Les compagnies aériennes indiennes annoncent des suppressions et réductions de vols sur leurs liaisons européennes, conséquence directe des restrictions des espaces aériens au Moyen-Orient.
La compagnie low-cost IndiGo a annoncé mercredi 4 février la suspension de sa liaison vers Copenhague, à peine quelques mois après son lancement en octobre 2025. Le dernier vol décollera le 17 février prochain. Dans le même temps, la première compagnie aérienne indienne ajuste sa desserte britannique avec une réduction progressive des fréquences entre Delhi et Manchester, qui passeront de 5 à 3 vols hebdomadaires d'ici le 19 février. Les services vers Londres Heathrow subissent également des coupes, avec une diminution de la fréquence hebdomadaire, passant de 5 à 4 vols à partir du 9 février.
Ces décisions interviennent alors que les transporteurs indiens font face à un contexte opérationnel particulièrement complexe. L'espace aérien pakistanais reste fermé aux appareils immatriculés en Inde depuis avril 2025, obligeant les compagnies à emprunter des itinéraires allongés pour rejoindre l'Europe et l'Amérique du Nord. Cette restriction, initialement temporaire suite à un conflit militaire entre les deux pays, a été prolongée à de multiples reprises et entre désormais dans son dixième mois.
Plus récemment, les tensions géopolitiques au Moyen-Orient ont contraint les opérateurs à éviter également l'espace aérien iranien. Air India a émis le 28 janvier une instruction opérationnelle urgente demandant à ses équipages d'éviter le survol de l'Iran "jusqu'à nouvel ordre". Les vols long-courriers à destination de l'Europe et de l'Amérique du Nord ont été réacheminés via les couloirs aériens irakiens, ajoutant entre 15 et 45 minutes aux temps de vol selon les destinations.

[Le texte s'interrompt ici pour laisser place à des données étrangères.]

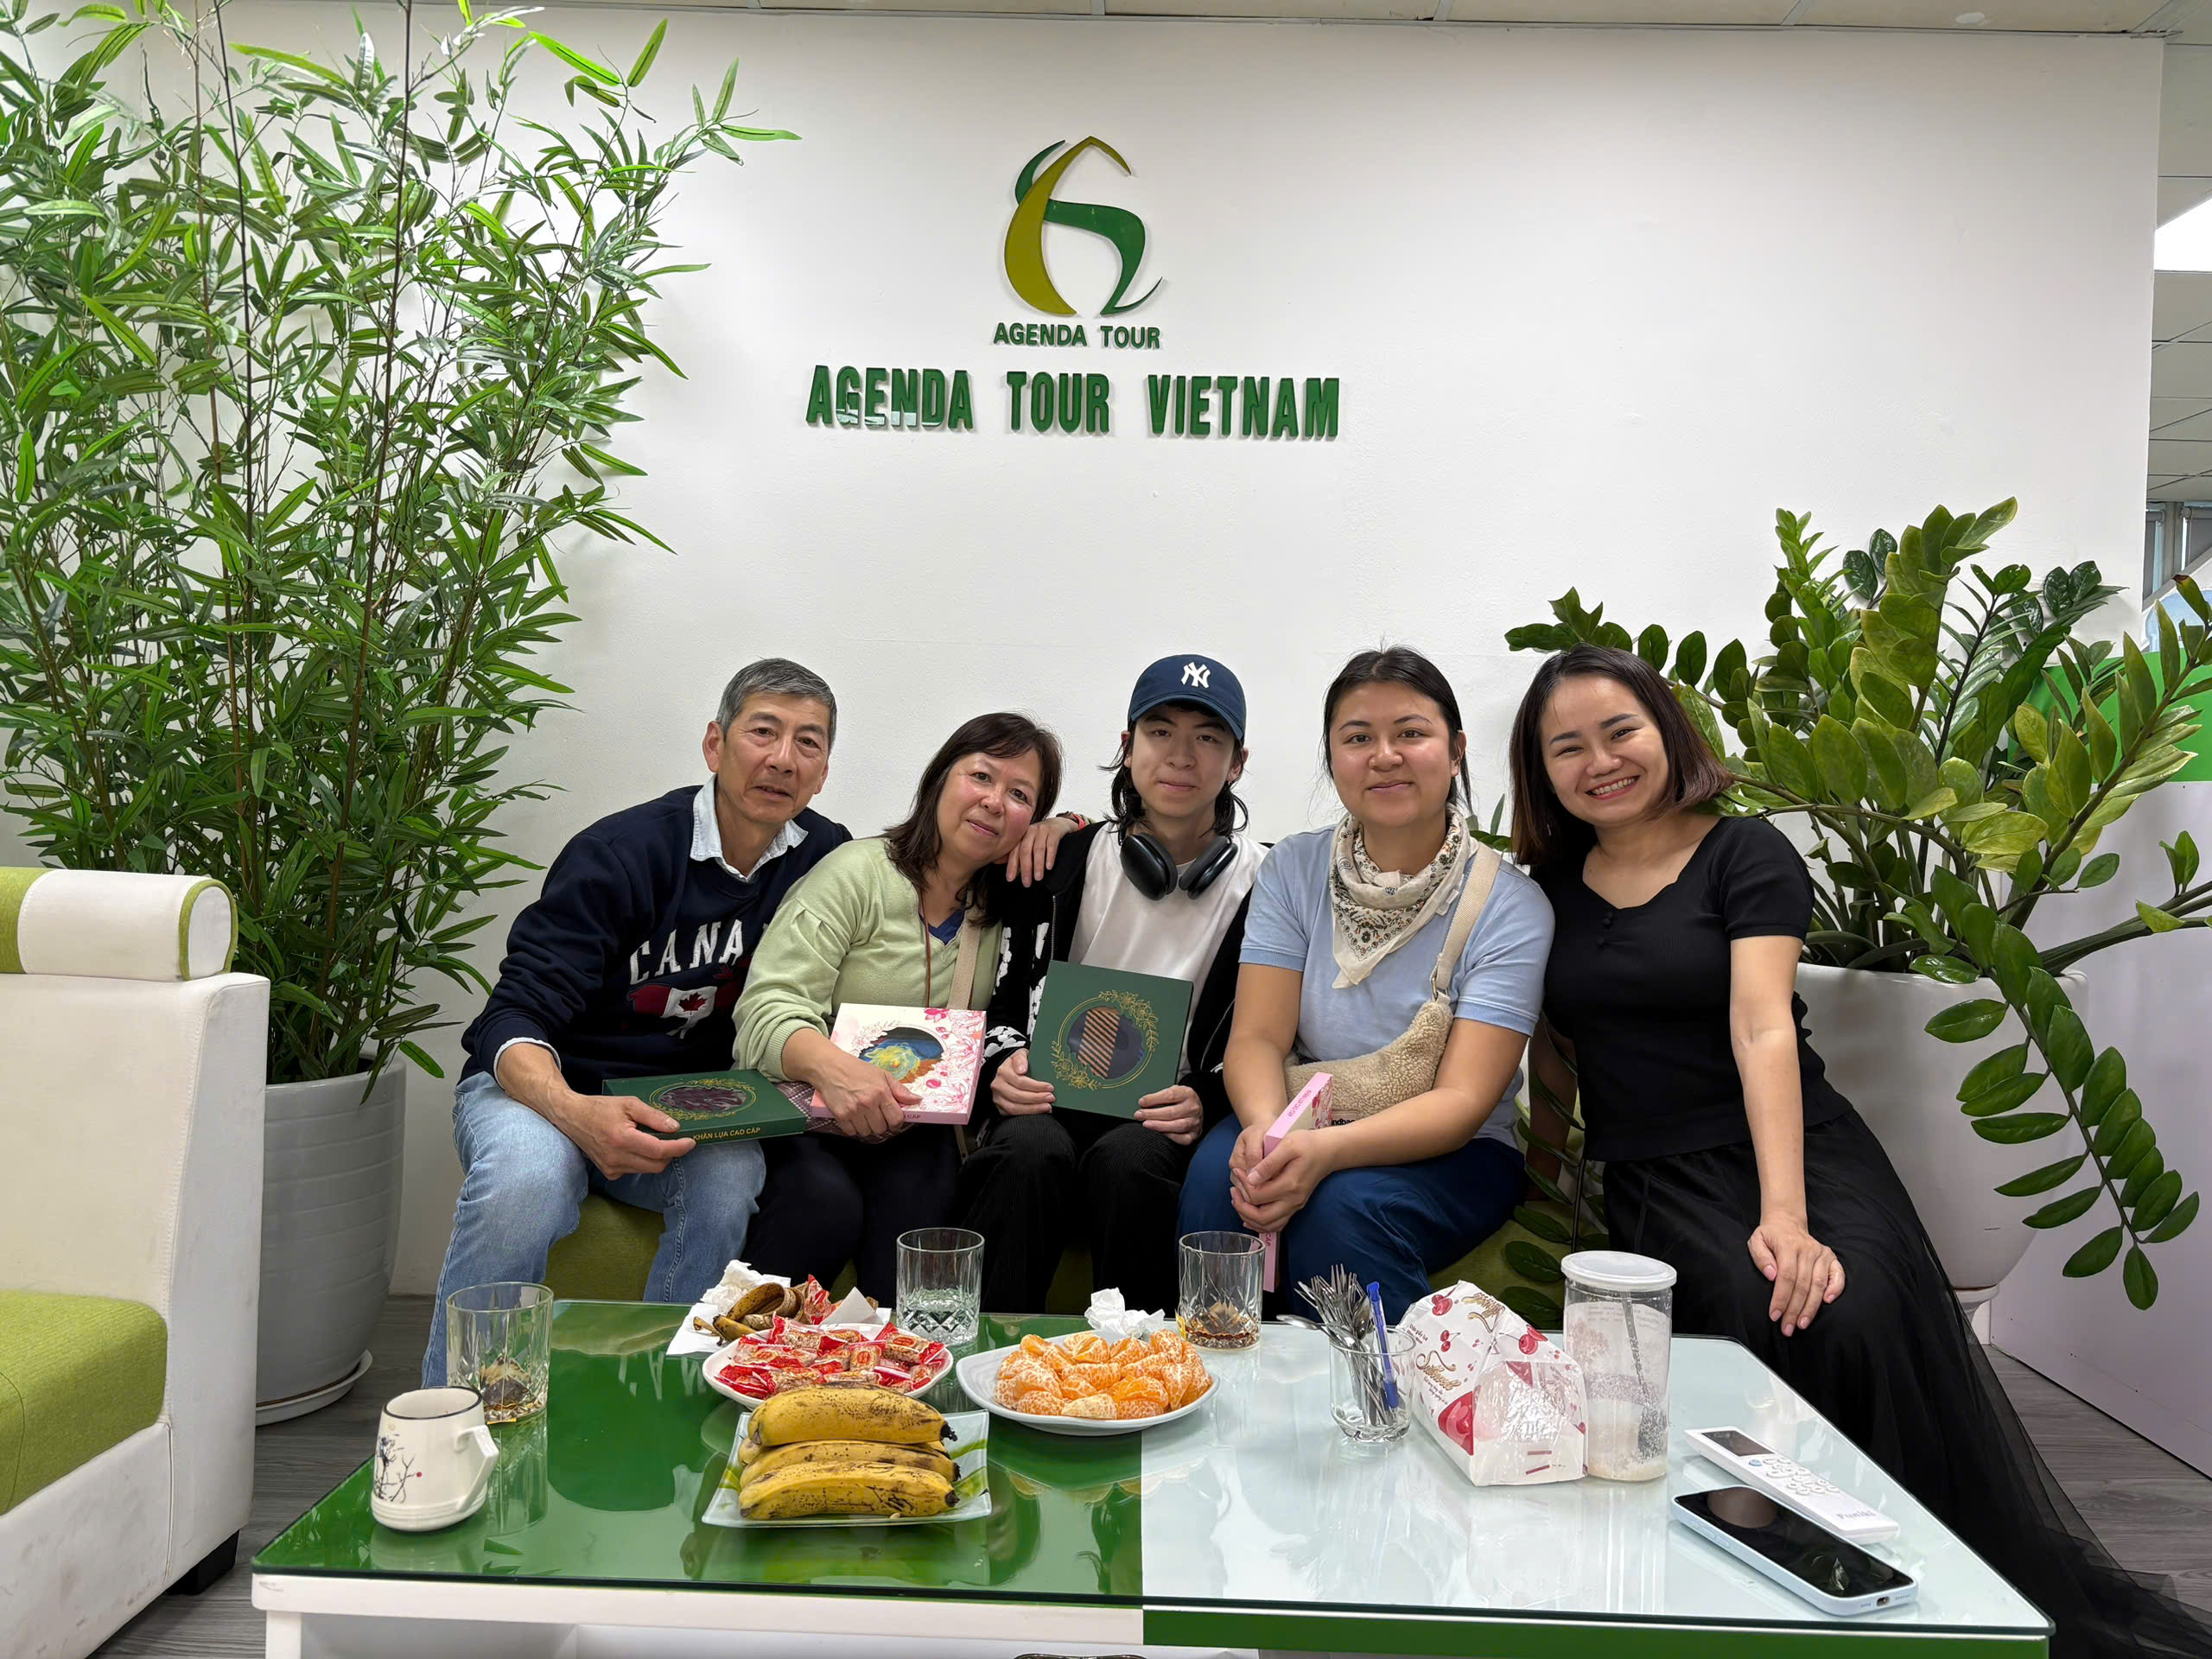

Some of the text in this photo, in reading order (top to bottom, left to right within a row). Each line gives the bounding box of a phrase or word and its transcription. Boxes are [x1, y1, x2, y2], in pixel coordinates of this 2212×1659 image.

[994, 322, 1160, 349] AGENDA TOUR
[805, 365, 1340, 437] AGENDA TOUR VIETNAM
[1180, 661, 1211, 689] NY
[630, 918, 768, 985] CANA
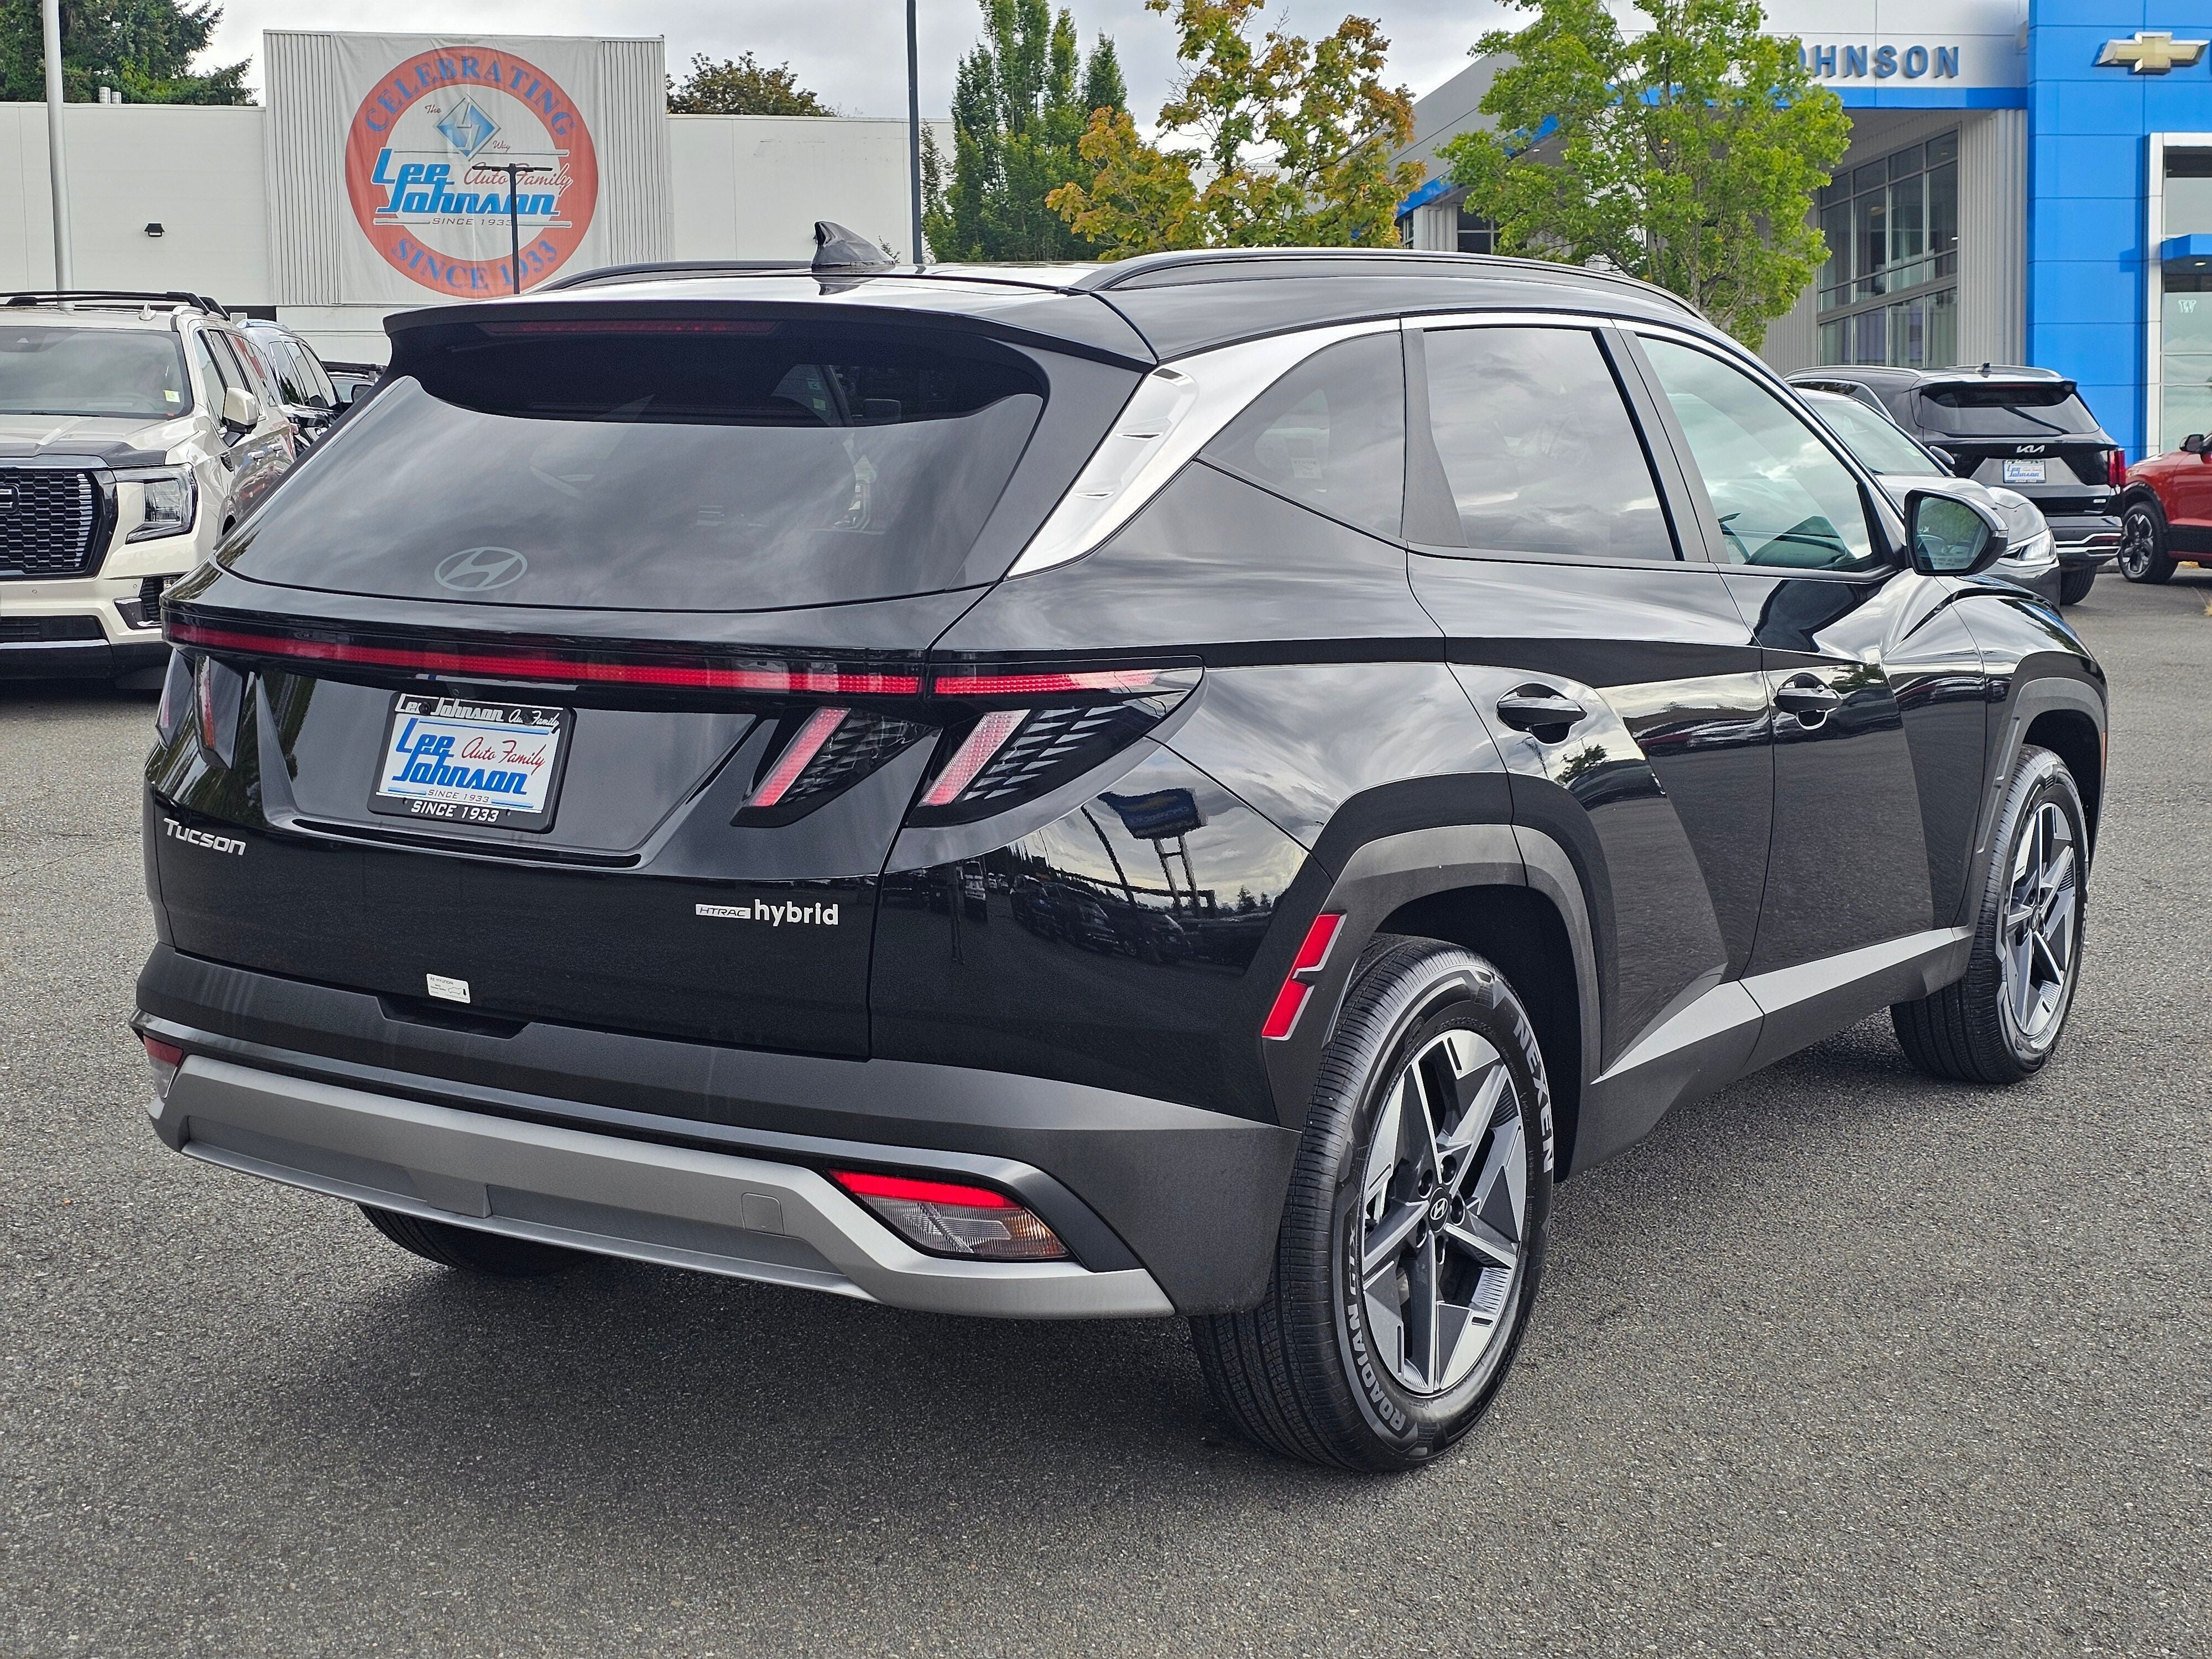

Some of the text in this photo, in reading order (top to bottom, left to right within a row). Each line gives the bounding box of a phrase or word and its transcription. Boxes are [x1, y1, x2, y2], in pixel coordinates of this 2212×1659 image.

Des pertes considérables pour IndiGo et Air India
Pour IndiGo, qui exploite ses liaisons long-courriers avec des Boeing 787 Dreamliner loués à la compagnie norvégienne Norse Atlantic Airways, ces détours se révèlent insoutenables. L'allongement des temps de vol génère une surconsommation de carburant, complique la gestion des équipages et réduit les marges de manœuvre pour absorber les retards. La compagnie a expliqué que ces "contraintes opérationnelles externes continuellement changeantes" et la "congestion dans les aéroports en Inde et à l'étranger" l'ont conduite à anticiper des ajustements initialement prévus pour la saison estivale.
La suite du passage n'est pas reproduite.